【コミカライズ連載中】➕SS 雲隠れ王女は冷酷皇太子の腕の中〜あなたに溺愛されても困ります!

「気にしないでください。今日のような人手が足りない日に、私を連れ出そうとして下さったからですよね。こちらこそ御免なさい……」

 遅れたのはラムダの方なのに自分から頭を下げるマリア。どれほど謙虚なお嬢さんかしらと、ラムダは驚いてしまう。

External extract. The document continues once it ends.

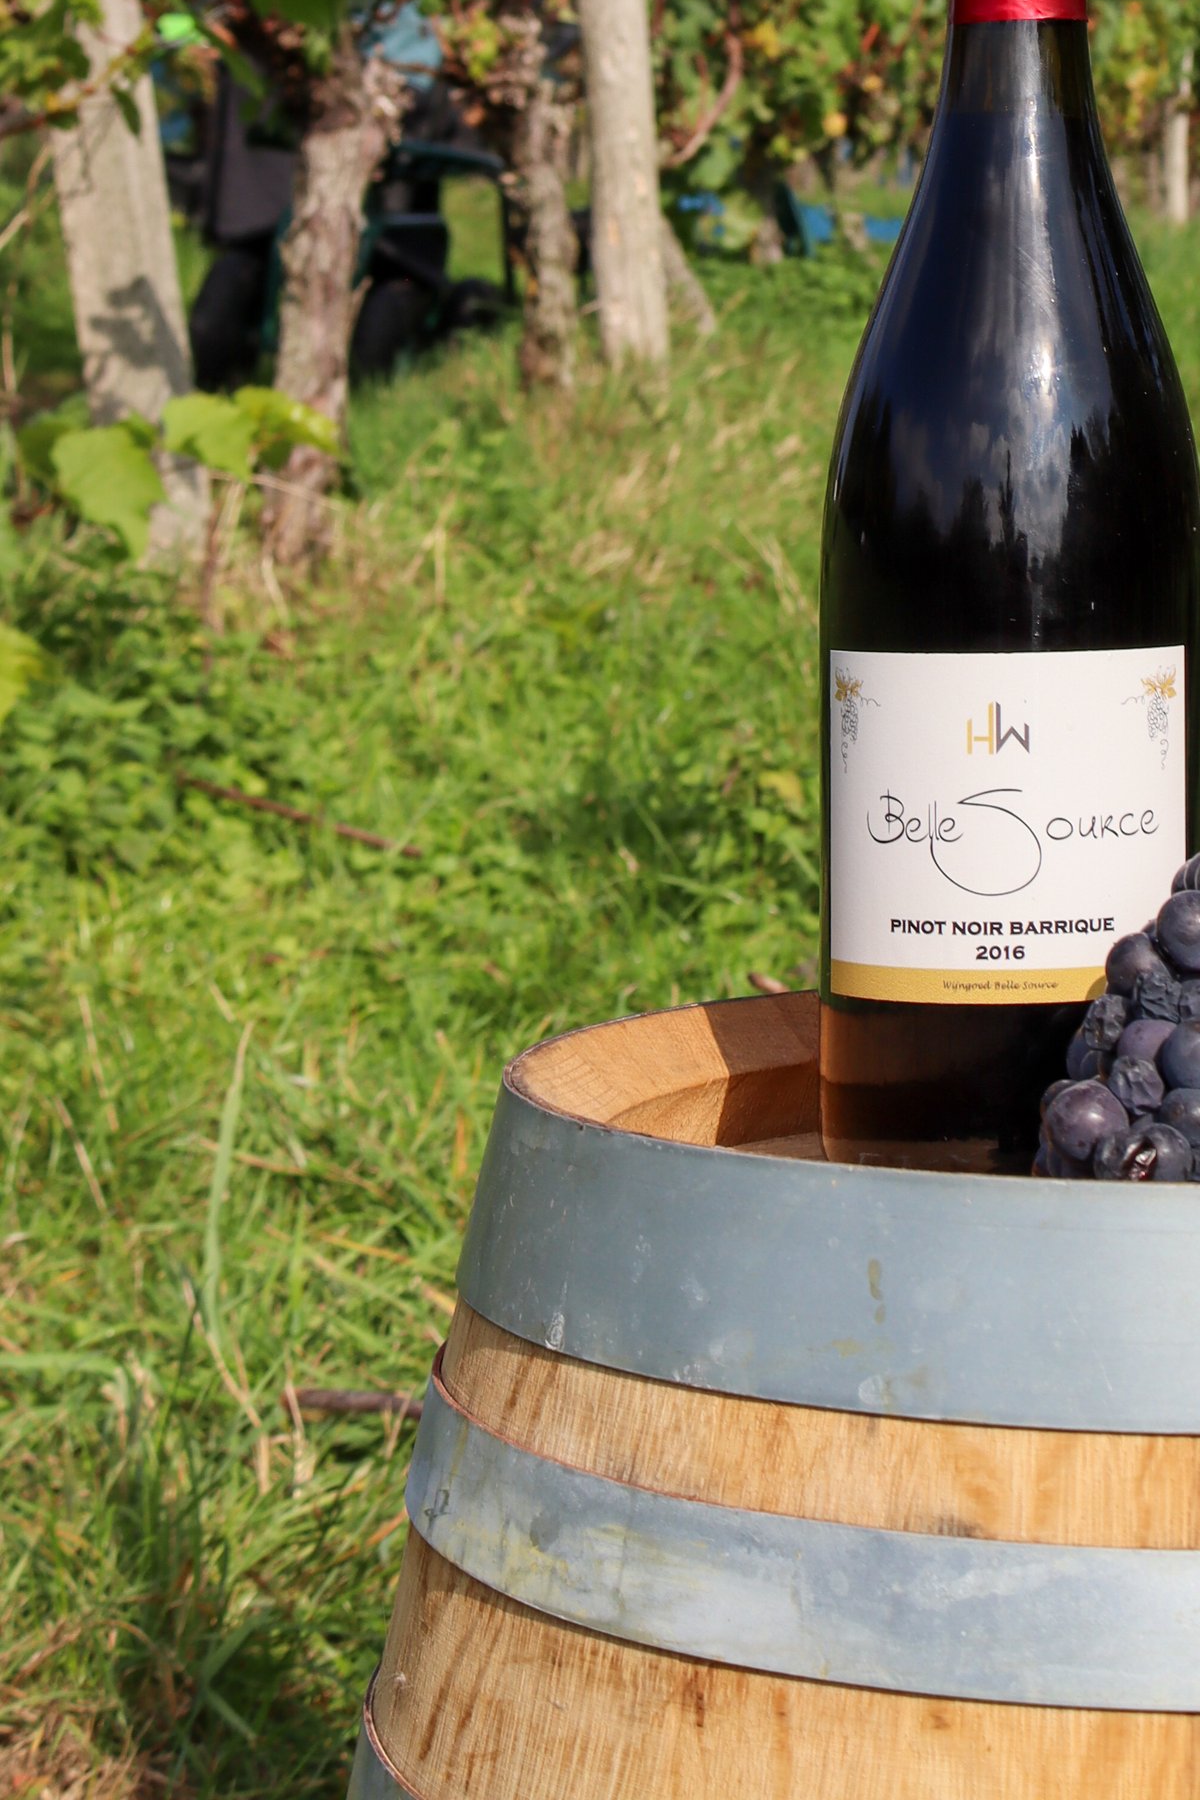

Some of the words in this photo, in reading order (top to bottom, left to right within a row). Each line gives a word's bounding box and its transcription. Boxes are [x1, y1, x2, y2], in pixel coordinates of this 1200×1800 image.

 ——この様子では、後宮の女たちとの熾烈な戦いに苦戦しそうですわね……?

 なんて、今は余計な心配をしている場合ではない。

「人出が増えすぎる前に帝都に急ぎましょう。外に馬車を待たせてあります」

 獅子宮殿正面にある馬車受けのロータリーには、一頭だての控え目な箱型の馬車が停まっていた。
 
 ラムダに(うなが)され、マリアが馬車に乗り込もうとしたとき。

 イイ——ン! ブルルル……

 背後から馬の(いななき)が聞こえて振り返れば、立派な黒馬に跨った男が薔薇園の合間を縫って馬車に向かって来るのが見えた。
 すらりと背高い男の体躯が、頭からすっぽり被ったローブ越しにでもよくわかる。男が腰元に携えた長剣の鞘が太陽の光にきらりと輝いた。
 
「ラムダさん……あれは?」

「えっ?! ああ、《《あれ》》は……わたくしたちの『護衛』ですわっ」
「わざわざ護衛を手配くださったのですか? そうだわ……ラムダさんは良家のご令嬢ですから、護衛が必要なのですね!」

 マリアはすっかり納得して、微笑みながら馬車に乗り込む。

 ——マリア様。
 あなたはいったい、どこまで謙虚で無自覚なのですか。
 
 ラムダの嘆息は今日も止まりそうにない。



 *


 
 馬車のドアが御者の手で開かれたとき。
 マリアは瞳を輝かせ、何度もまばたきを繰り返しながら周囲を見渡した。